Different volume fraction of TiB, TiC and La2O3 multiple-reinforced Ti6Al4V composites were fabricated by casting and followed by forging and hot extrusion. The microstructural evolution and mechanical behavior of (TiB+TiC+La2O3)/Ti6Al4V composites during hot extrusion were investigated. The microstructural observations showed that the TiBw and TiCp agglomeration disappeared and distributed more homogeneously in the Ti matrix after hot extrusion. Besides, TiBw exhibited highly preferred alignment along the extrusion direction and TiCp distributed along the same direction. Besides, two kinds of microstructure bands with distinctive spatial distributions of reinforcements were formed after hot extrusion: equiaxial bands embedded with fairly substantial reinforcements and finer basket-weave bands containing few reinforcements, in which the micron-scale TiBw, TiCp and submicron-scale La2O3 particle stimulating nucleation occurred and resulting dynamic recrystallization were the main mechanisms responsible for grain refinement.

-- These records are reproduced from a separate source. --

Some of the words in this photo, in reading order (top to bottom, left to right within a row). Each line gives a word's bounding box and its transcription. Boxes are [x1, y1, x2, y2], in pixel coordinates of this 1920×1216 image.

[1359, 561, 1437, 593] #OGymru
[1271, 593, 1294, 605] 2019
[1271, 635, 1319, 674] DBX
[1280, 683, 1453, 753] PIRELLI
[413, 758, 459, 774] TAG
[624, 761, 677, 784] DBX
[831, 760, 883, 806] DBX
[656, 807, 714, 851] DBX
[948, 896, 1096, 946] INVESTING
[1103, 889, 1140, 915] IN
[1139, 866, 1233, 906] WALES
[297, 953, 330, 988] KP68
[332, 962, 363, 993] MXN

The tensile tests revealed that hot extrusion significantly increased elongation of (TiB+TiC+La2O3)/Ti6Al4V composites from 2.71% to 13.2% accompanied by slightly decreasing ultimate tensile strength from 954MPa to 903MPa, compared with that of the as-forged composites, which due to a complex process of reinforcements/matrix interaction during extrusion and dynamic recrystallization.